**Required action:** The records below must be copied in full; omit the images.

**Provided information:**
#####
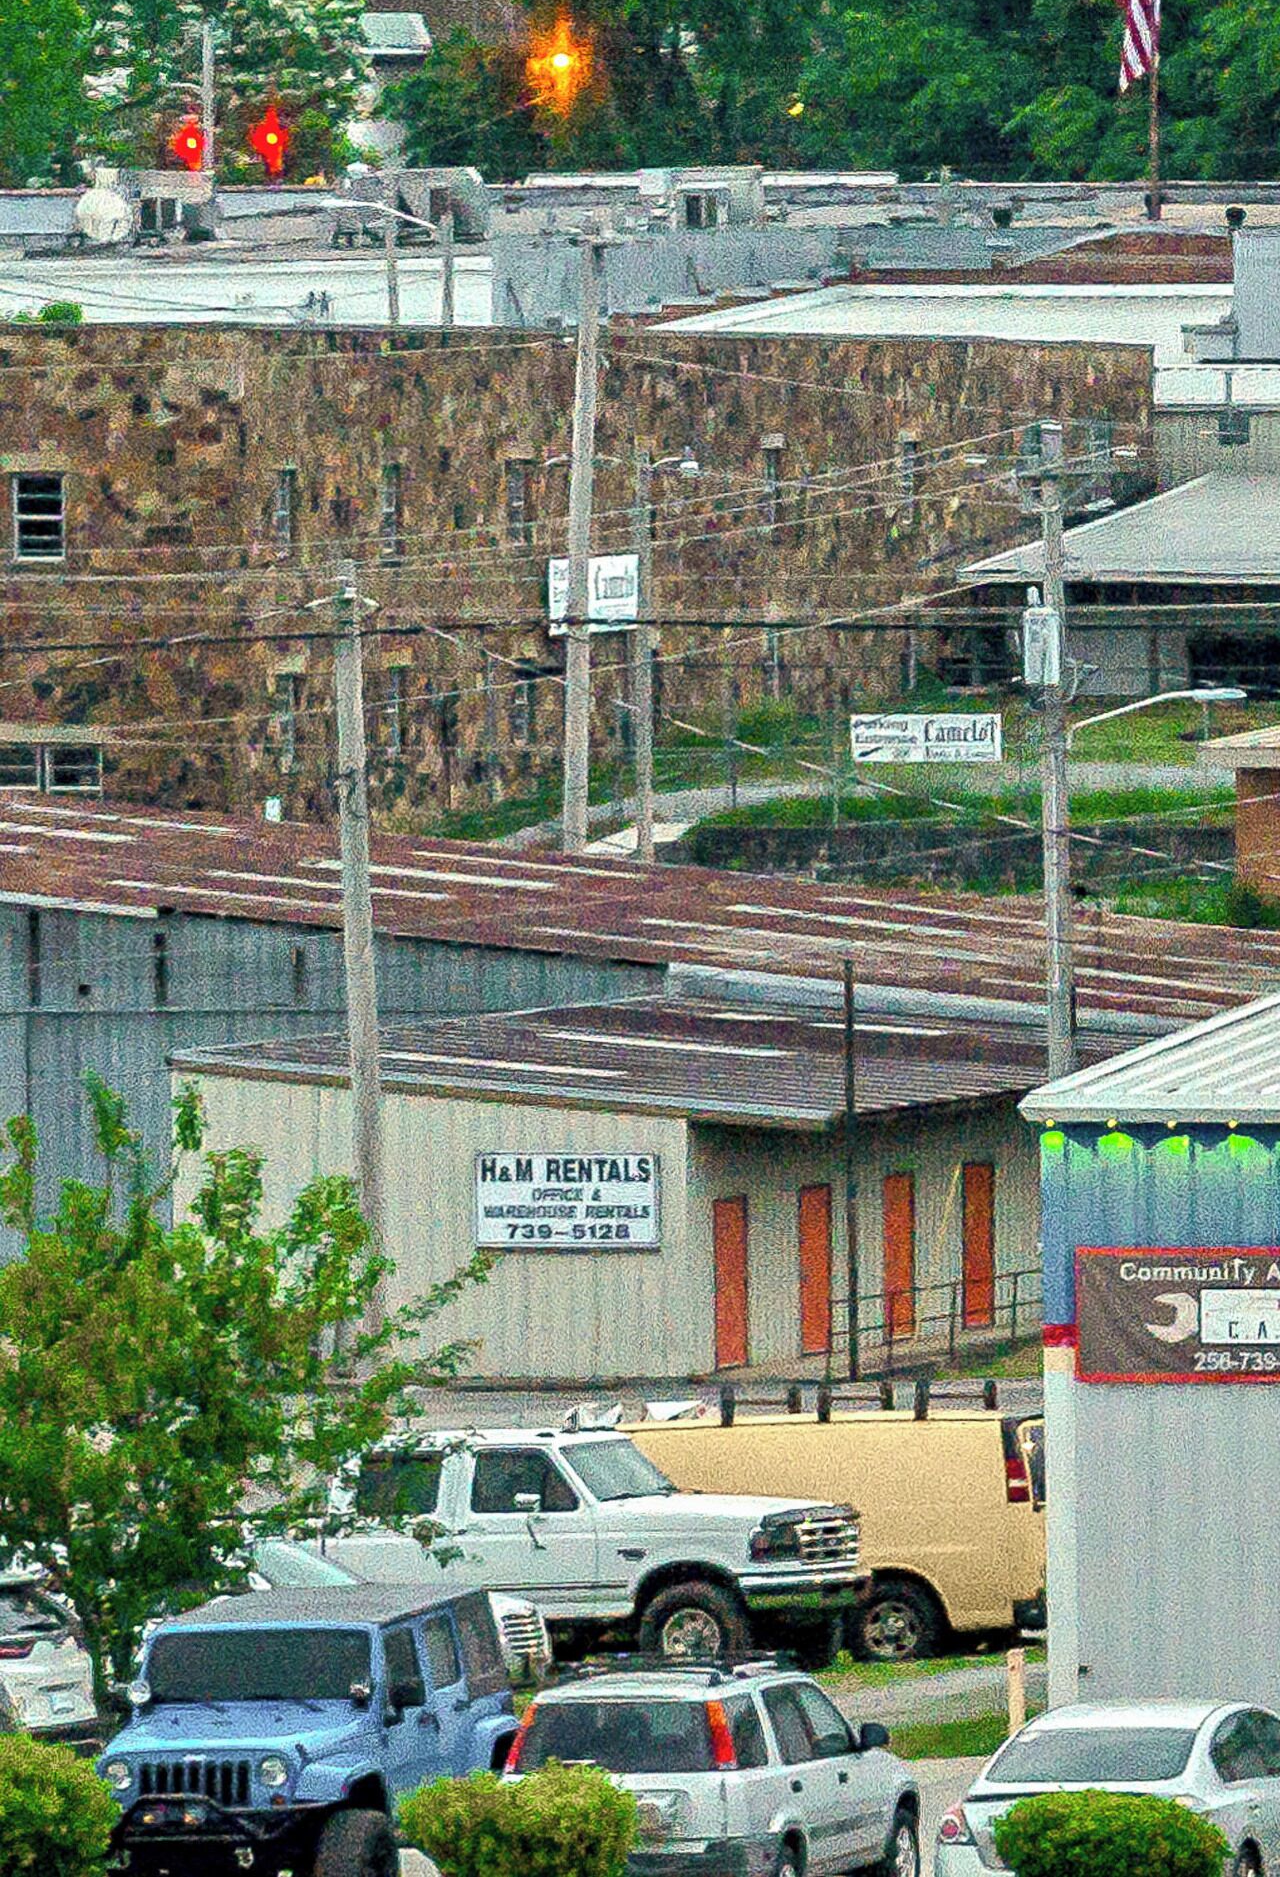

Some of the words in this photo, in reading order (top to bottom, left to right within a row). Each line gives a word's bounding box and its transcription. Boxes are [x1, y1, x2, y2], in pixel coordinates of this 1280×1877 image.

[481, 1158, 533, 1182] H&M
[546, 1157, 651, 1183] RENTALS
[532, 1187, 583, 1202] OFFICE
[484, 1204, 577, 1218] WAREHOUSE
[585, 1204, 651, 1218] RENTALS
[1120, 1259, 1256, 1286] Community
#####
**Written response:**
Some of the words in this photo, in reading order (top to bottom, left to right within a row). Each line gives a word's bounding box and its transcription. Boxes are [x1, y1, x2, y2], in pixel coordinates of this 1280×1877 image.

[481, 1158, 533, 1182] H&M
[546, 1157, 651, 1183] RENTALS
[532, 1187, 583, 1202] OFFICE
[484, 1204, 577, 1218] WAREHOUSE
[585, 1204, 651, 1218] RENTALS
[1120, 1259, 1256, 1286] Community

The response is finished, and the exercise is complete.